> Task goal
Leave the pictures out and transcribe every record exactly.

━━ Supplied material

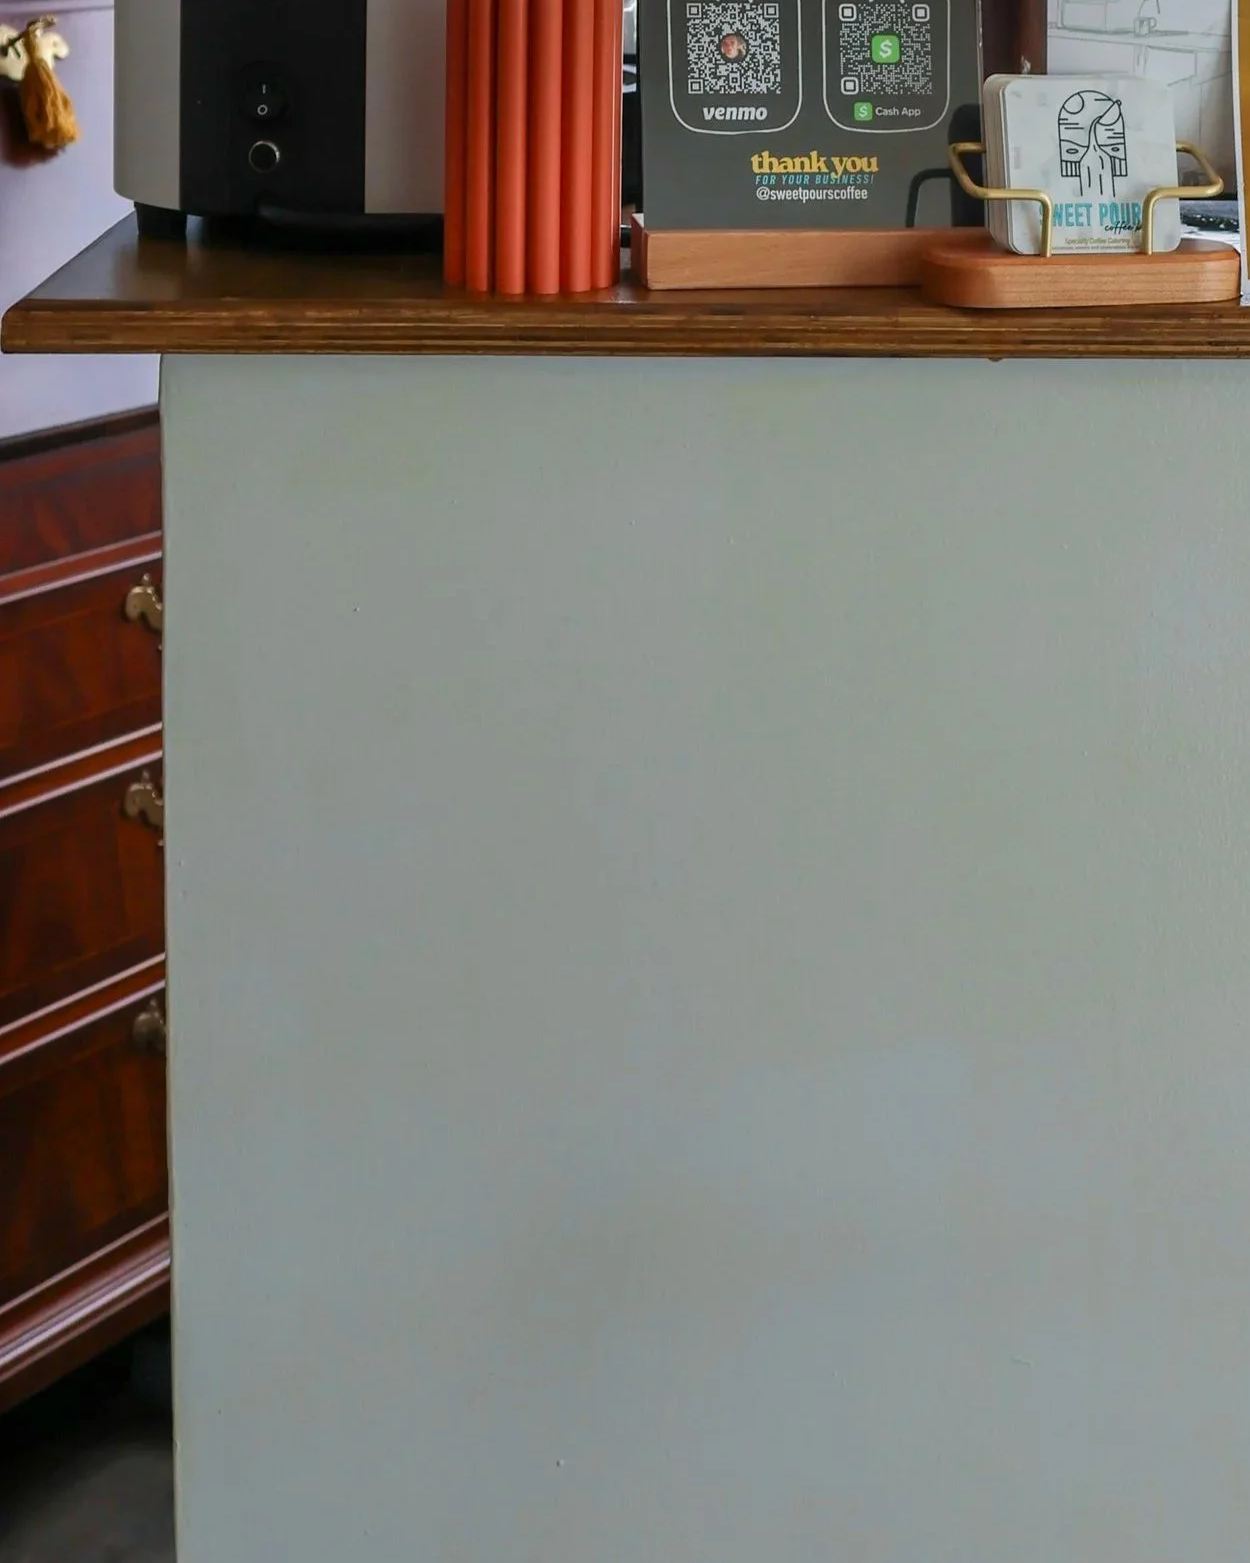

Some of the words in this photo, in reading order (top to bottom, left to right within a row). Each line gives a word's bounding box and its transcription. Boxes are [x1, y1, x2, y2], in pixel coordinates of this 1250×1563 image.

[703, 107, 767, 120] venmo
[875, 107, 899, 116] Cash
[901, 107, 921, 117] App
[751, 150, 828, 173] thank
[831, 155, 879, 179] you
[755, 175, 776, 185] FOR
[782, 175, 810, 185] YOUR
[815, 174, 874, 185] BUSINESS!
[756, 186, 868, 203] @sweetpourscoffee
[1039, 202, 1092, 227] WEET
[1098, 202, 1141, 226] POUR
[1104, 221, 1133, 235] coffee

━━━━

> Problem solution
Some of the words in this photo, in reading order (top to bottom, left to right within a row). Each line gives a word's bounding box and its transcription. Boxes are [x1, y1, x2, y2], in pixel coordinates of this 1250×1563 image.

[703, 107, 767, 120] venmo
[875, 107, 899, 116] Cash
[901, 107, 921, 117] App
[751, 150, 828, 173] thank
[831, 155, 879, 179] you
[755, 175, 776, 185] FOR
[782, 175, 810, 185] YOUR
[815, 174, 874, 185] BUSINESS!
[756, 186, 868, 203] @sweetpourscoffee
[1039, 202, 1092, 227] WEET
[1098, 202, 1141, 226] POUR
[1104, 221, 1133, 235] coffee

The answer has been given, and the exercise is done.